Motahaldu or Himmatpur Motahaldu is a town in City Haldwani, Nainital district in the Indian States and territories of India of Uttarakhand. It is situated on National Highway-87, viz. Rampur-Nainital National Highway and is just 8 km from Haldwani City centre. The nearest railway junction is 7 km away at Lalkuan (LKU) & nearest Airport is 16 km away at Pantnagar.

Economy 
Motahaldu has many stone factories, dairy and agricultural farms.

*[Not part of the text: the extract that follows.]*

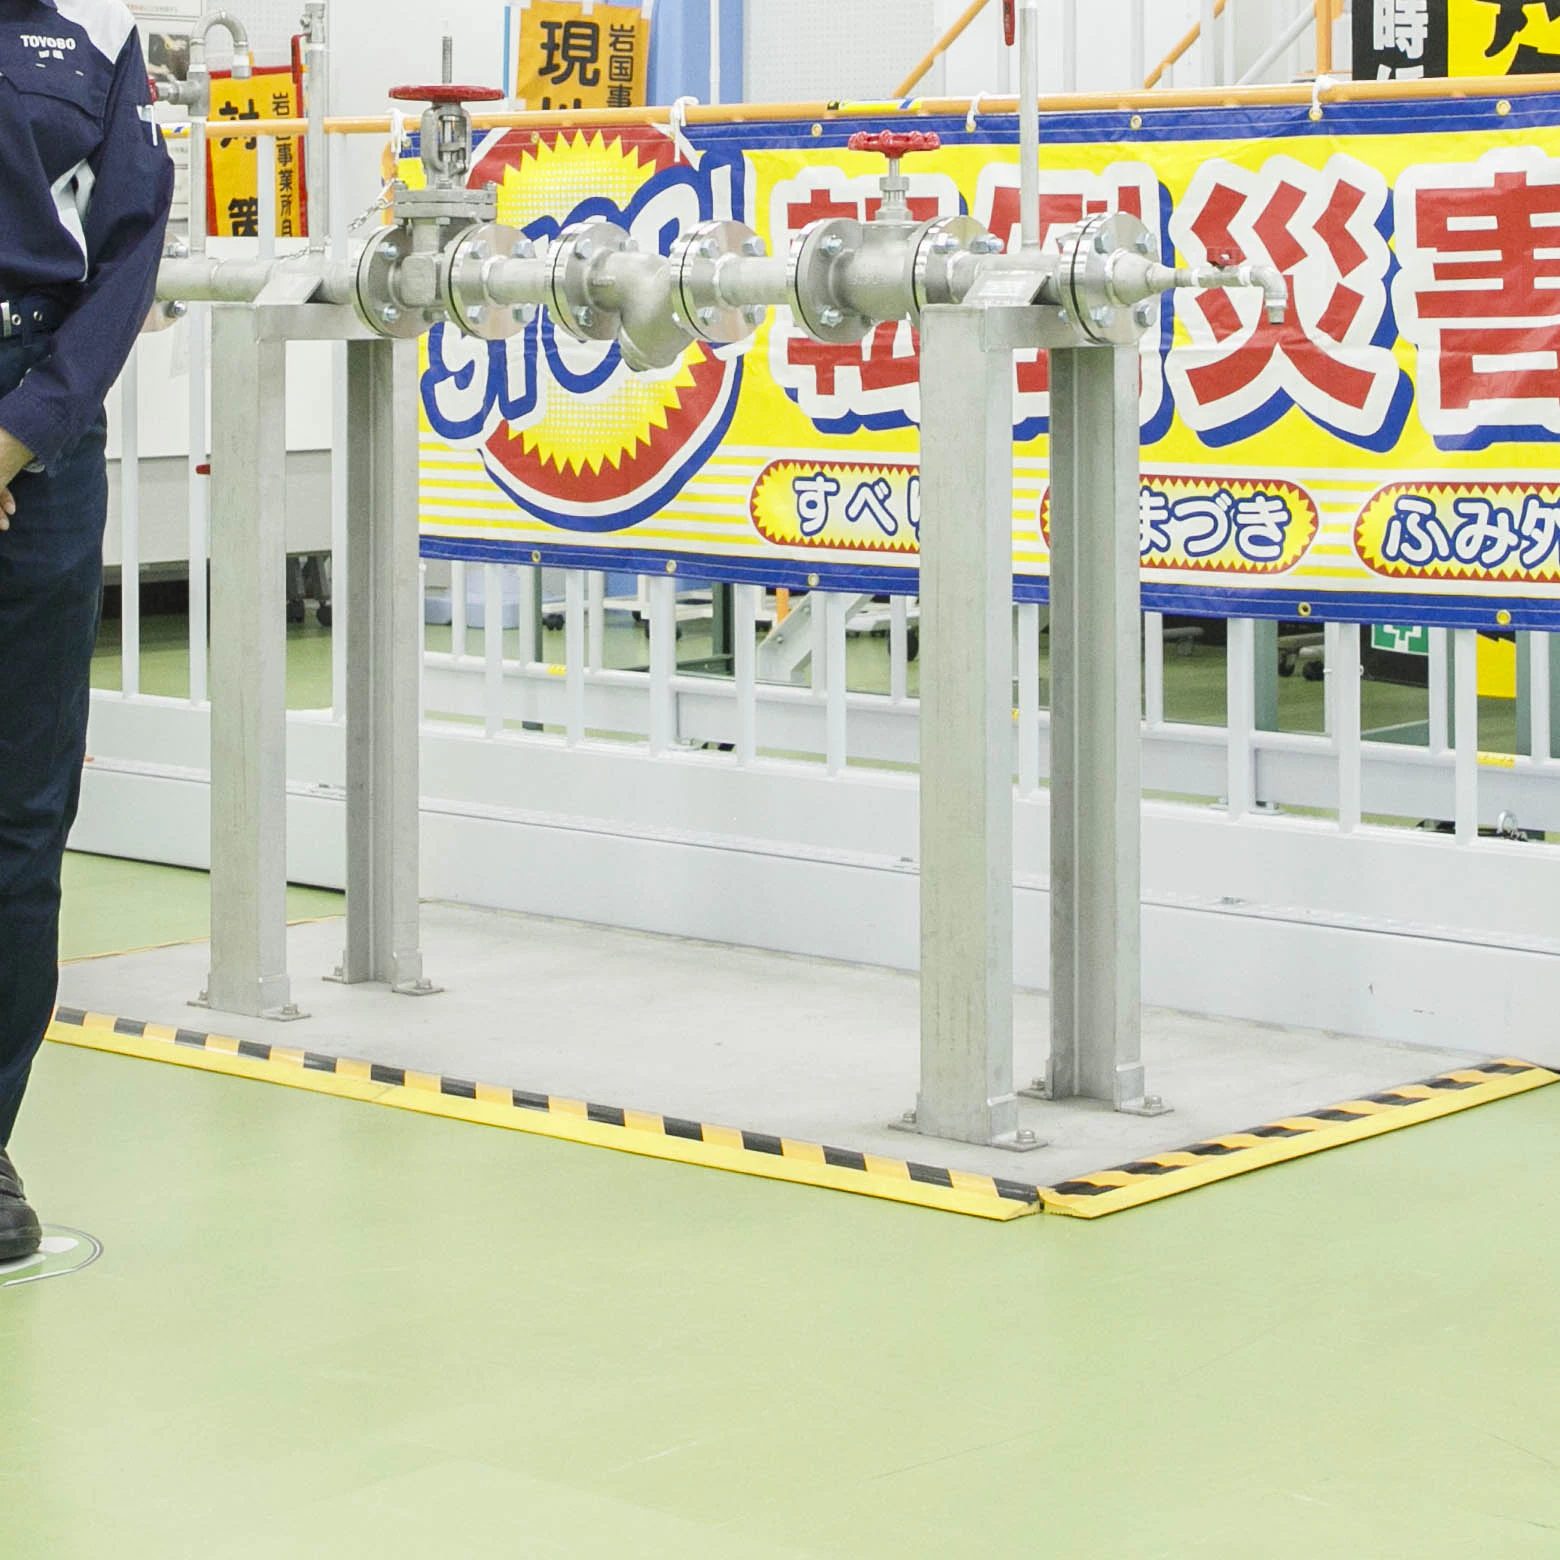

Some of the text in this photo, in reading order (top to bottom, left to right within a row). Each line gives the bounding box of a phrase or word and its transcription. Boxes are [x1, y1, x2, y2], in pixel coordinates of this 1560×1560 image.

A Private Industrial Estate (SEZ) has been developed at Village- Padlipur in the name of "Mahaveer Audyogik Aasthan (AOP)". This industrial estate has been notified by Central Govt. of India & State Industrial Development Corporation of Uttarakhand (SIDCUL). This estate is one of its kind in the whole Nainital District.

Many industries have been set up in the estate, providing employment & better living standard to the people living in its vicinity, which further leads to the overall development of the area.
The developers of the Industrial Estate have also provided with a temple in the said premises. 

There is also a government medical centre.

Villages 
It has many villages, including Kishanpur Sakuliya, Sufi Bhagwanpur, Padampur Devalia,  Jaypurbisa and BhawanipurHarsing.